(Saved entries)
══════════
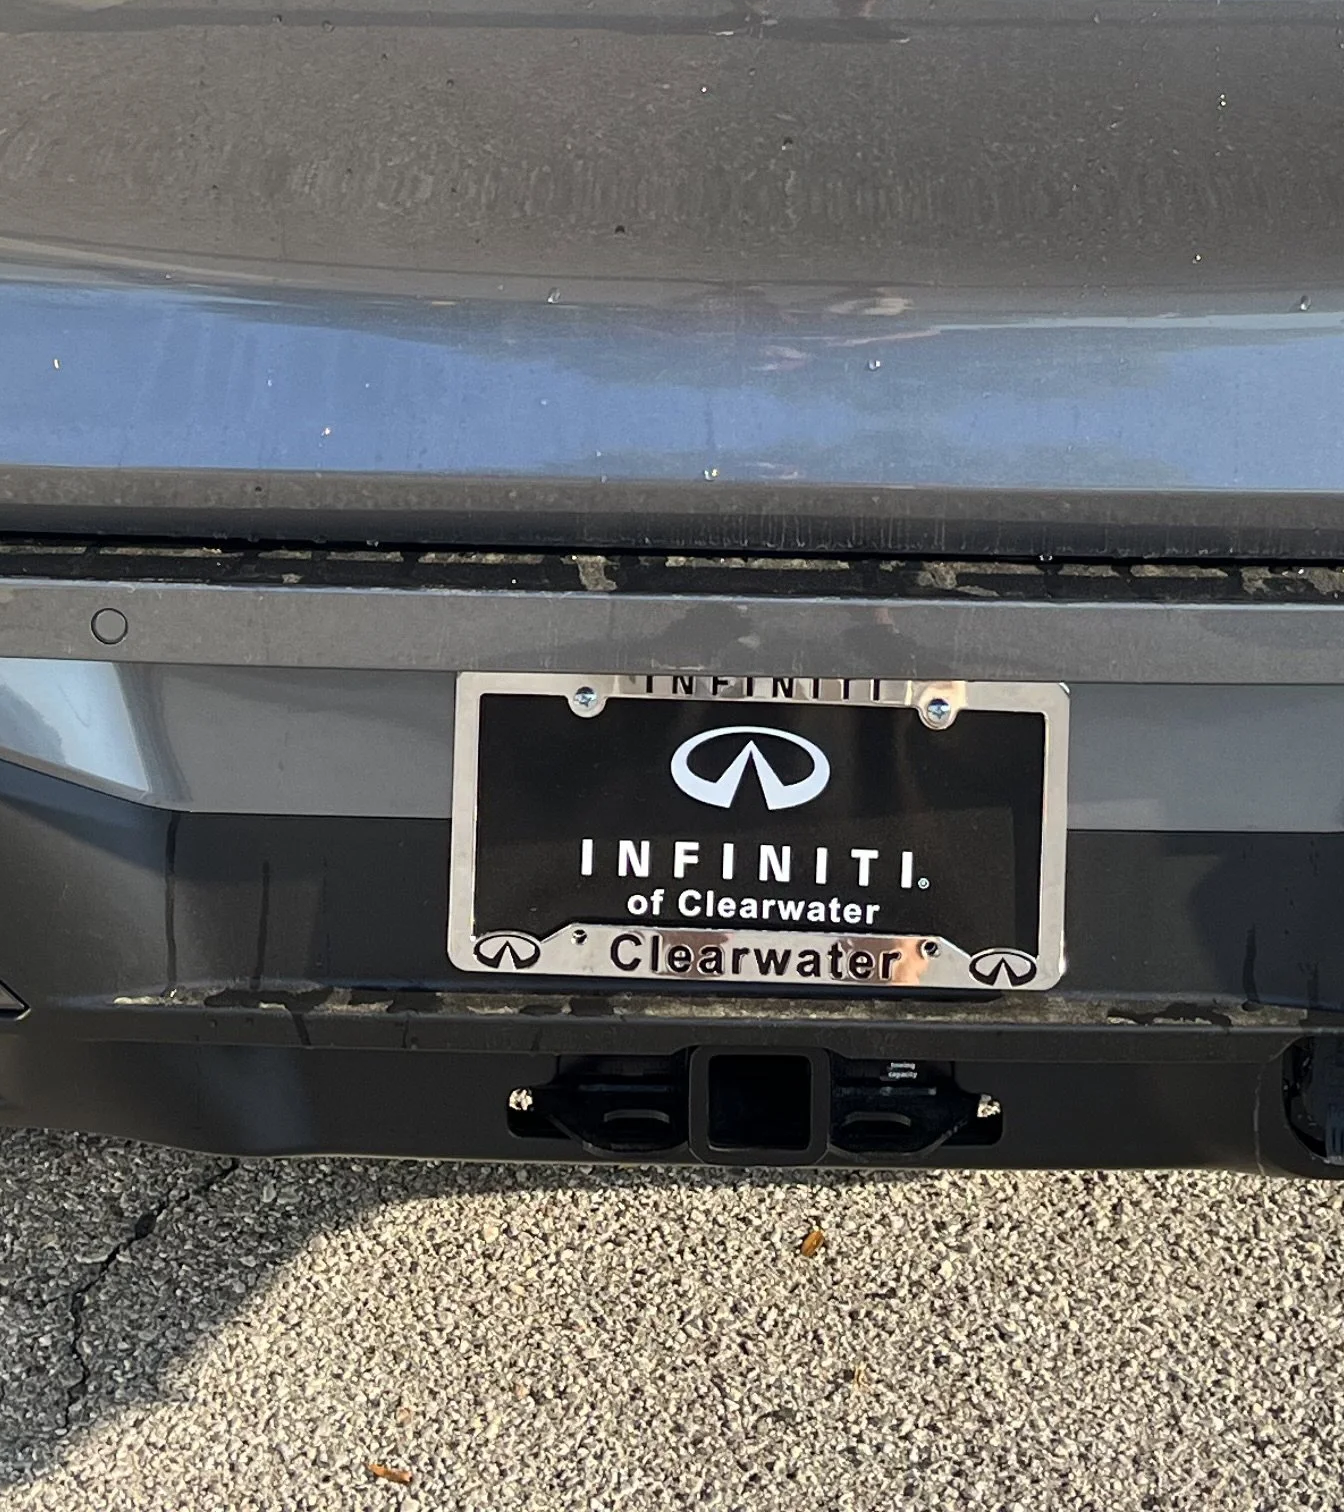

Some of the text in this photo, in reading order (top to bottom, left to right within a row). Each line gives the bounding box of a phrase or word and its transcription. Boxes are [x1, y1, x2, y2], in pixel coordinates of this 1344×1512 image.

[580, 838, 914, 889] INFINITI
[627, 889, 881, 925] of Clearwater
[609, 932, 903, 981] Clearwater
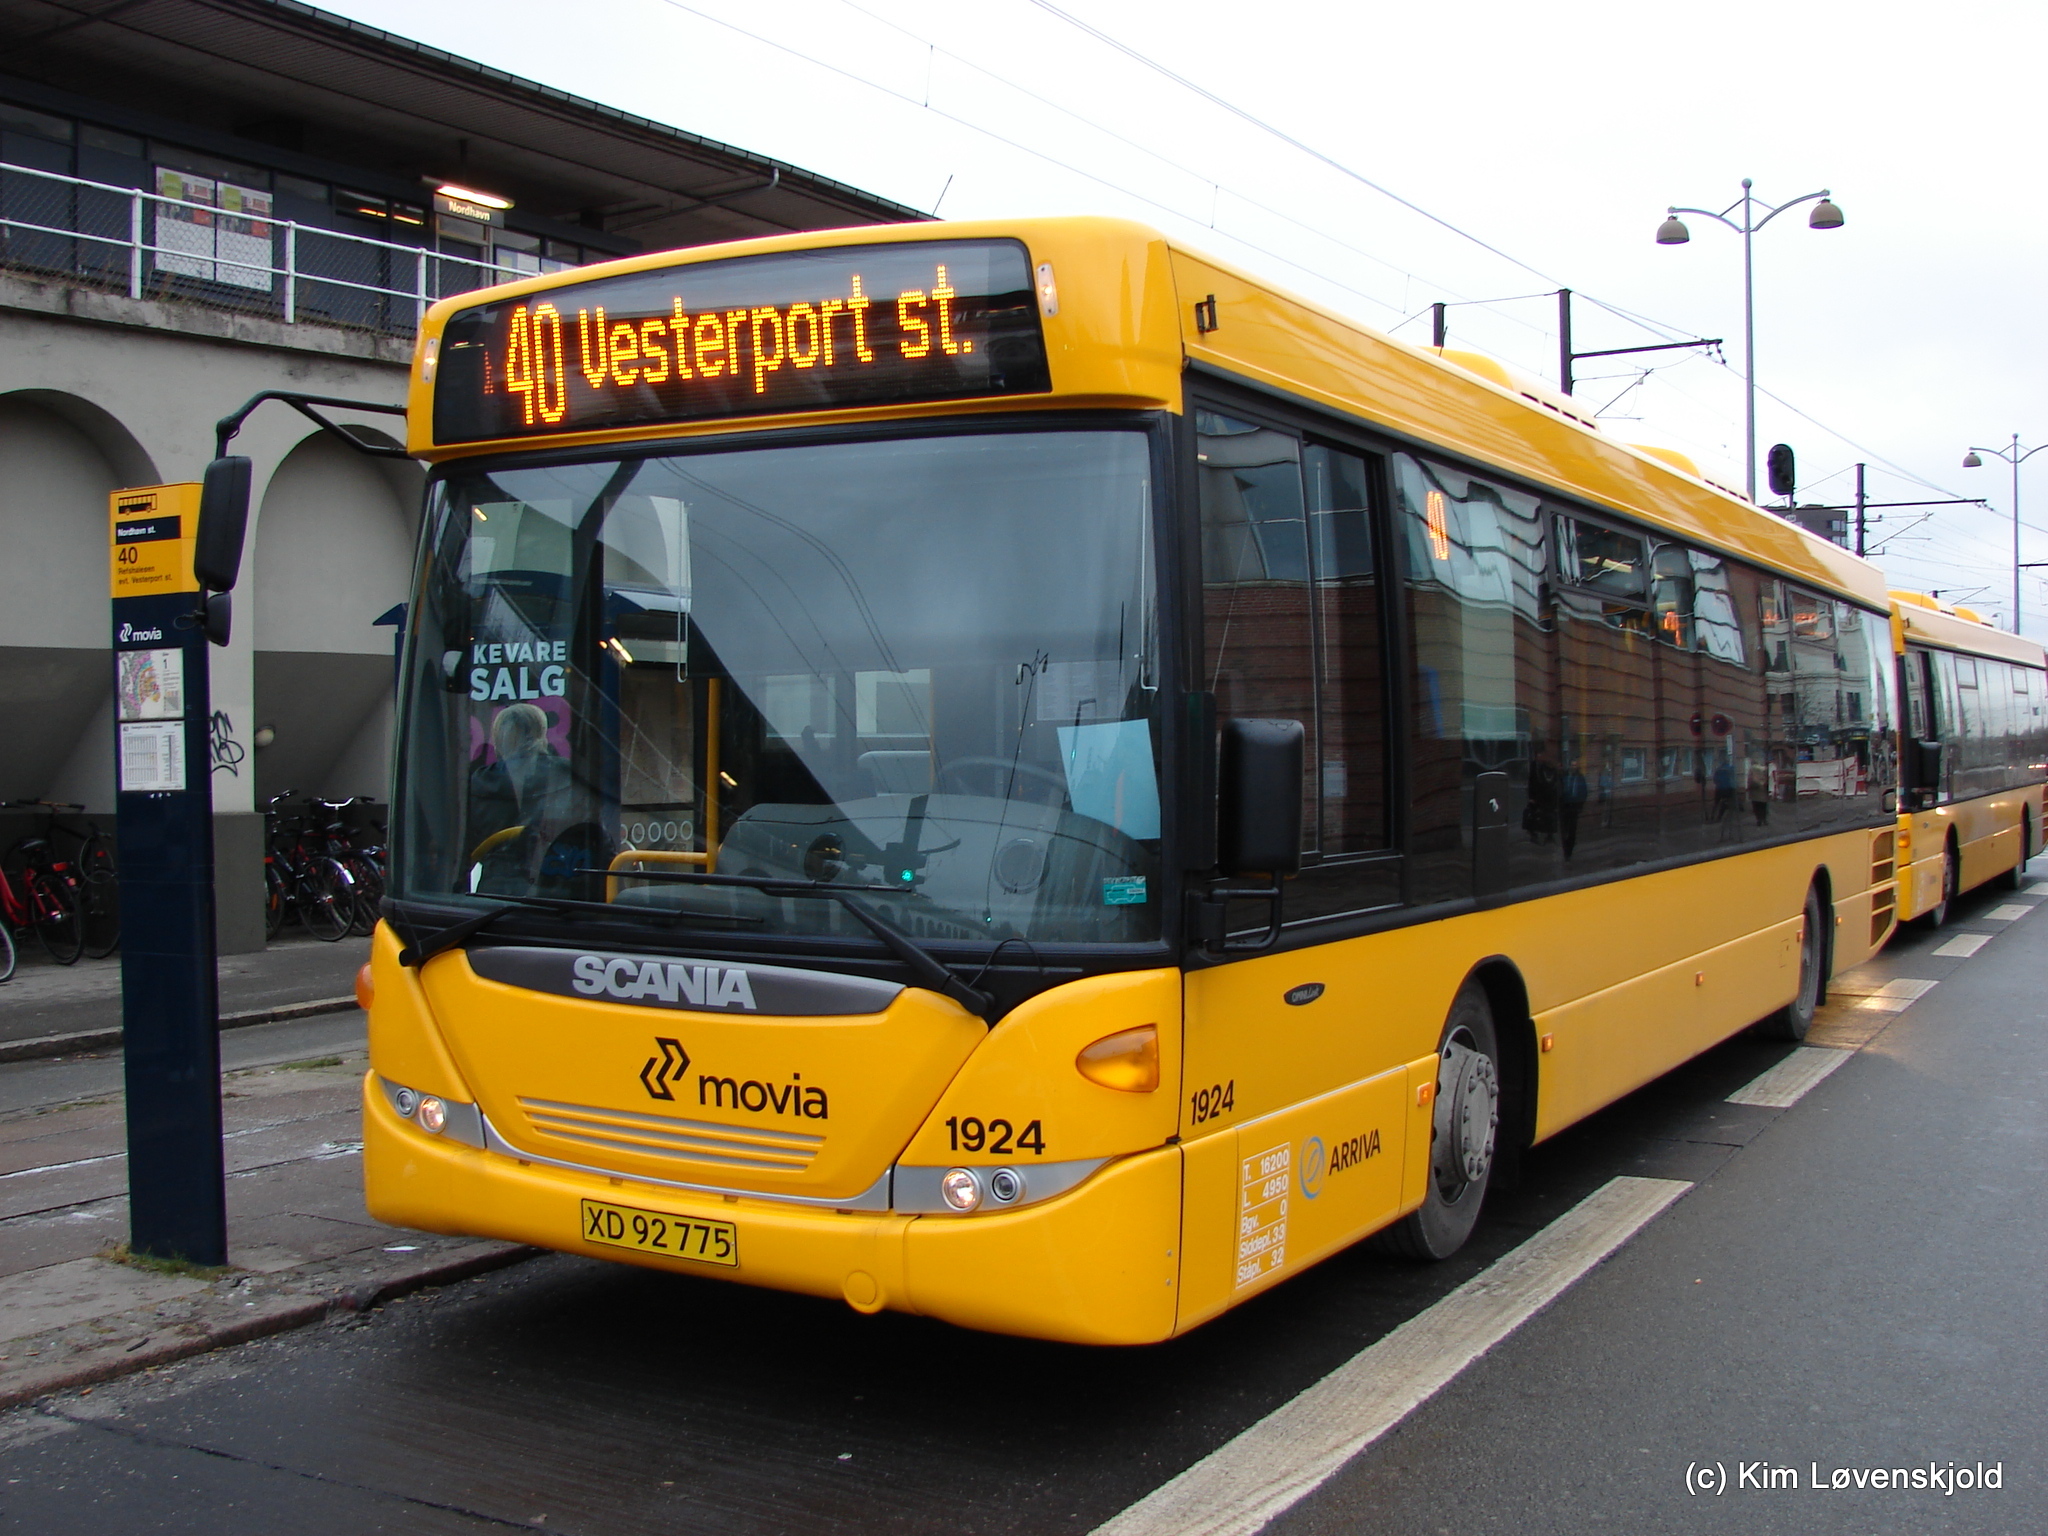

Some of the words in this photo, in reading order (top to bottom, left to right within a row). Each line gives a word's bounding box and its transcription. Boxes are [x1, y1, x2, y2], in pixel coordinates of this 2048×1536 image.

[449, 201, 490, 221] Nordhavn
[507, 303, 566, 425] 40
[579, 275, 873, 394] Vesterport
[898, 265, 972, 359] st.
[117, 527, 147, 537] Nordhavn
[118, 546, 138, 565] 40
[133, 627, 162, 642] movia
[472, 640, 567, 665] KEVARE
[470, 664, 566, 701] SALG
[572, 955, 757, 1010] SCANIA
[698, 1072, 829, 1120] movia
[1191, 1079, 1235, 1126] 1924
[945, 1115, 1046, 1155] 1924
[1260, 1148, 1290, 1175] 16200
[1328, 1128, 1381, 1176] ARRIVA
[1262, 1174, 1288, 1199] 4950
[1280, 1199, 1287, 1216] 0
[588, 1206, 625, 1240] XD
[1272, 1223, 1286, 1243] 33
[1271, 1247, 1285, 1266] 32
══════════
§ Task to carry out
Print all of the entries word for word. Omit the pictures they contain.

§ Result
Some of the text in this photo, in reading order (top to bottom, left to right within a row). Each line gives the bounding box of a phrase or word and its transcription. Boxes are [x1, y1, x2, y2], in pixel coordinates of this 1344×1512 image.

[580, 838, 914, 889] INFINITI
[627, 889, 881, 925] of Clearwater
[609, 932, 903, 981] Clearwater

Some of the words in this photo, in reading order (top to bottom, left to right within a row). Each line gives a word's bounding box and its transcription. Boxes are [x1, y1, x2, y2], in pixel coordinates of this 2048×1536 image.

[449, 201, 490, 221] Nordhavn
[507, 303, 566, 425] 40
[579, 275, 873, 394] Vesterport
[898, 265, 972, 359] st.
[117, 527, 147, 537] Nordhavn
[118, 546, 138, 565] 40
[133, 627, 162, 642] movia
[472, 640, 567, 665] KEVARE
[470, 664, 566, 701] SALG
[572, 955, 757, 1010] SCANIA
[698, 1072, 829, 1120] movia
[1191, 1079, 1235, 1126] 1924
[945, 1115, 1046, 1155] 1924
[1260, 1148, 1290, 1175] 16200
[1328, 1128, 1381, 1176] ARRIVA
[1262, 1174, 1288, 1199] 4950
[1280, 1199, 1287, 1216] 0
[588, 1206, 625, 1240] XD
[1272, 1223, 1286, 1243] 33
[1271, 1247, 1285, 1266] 32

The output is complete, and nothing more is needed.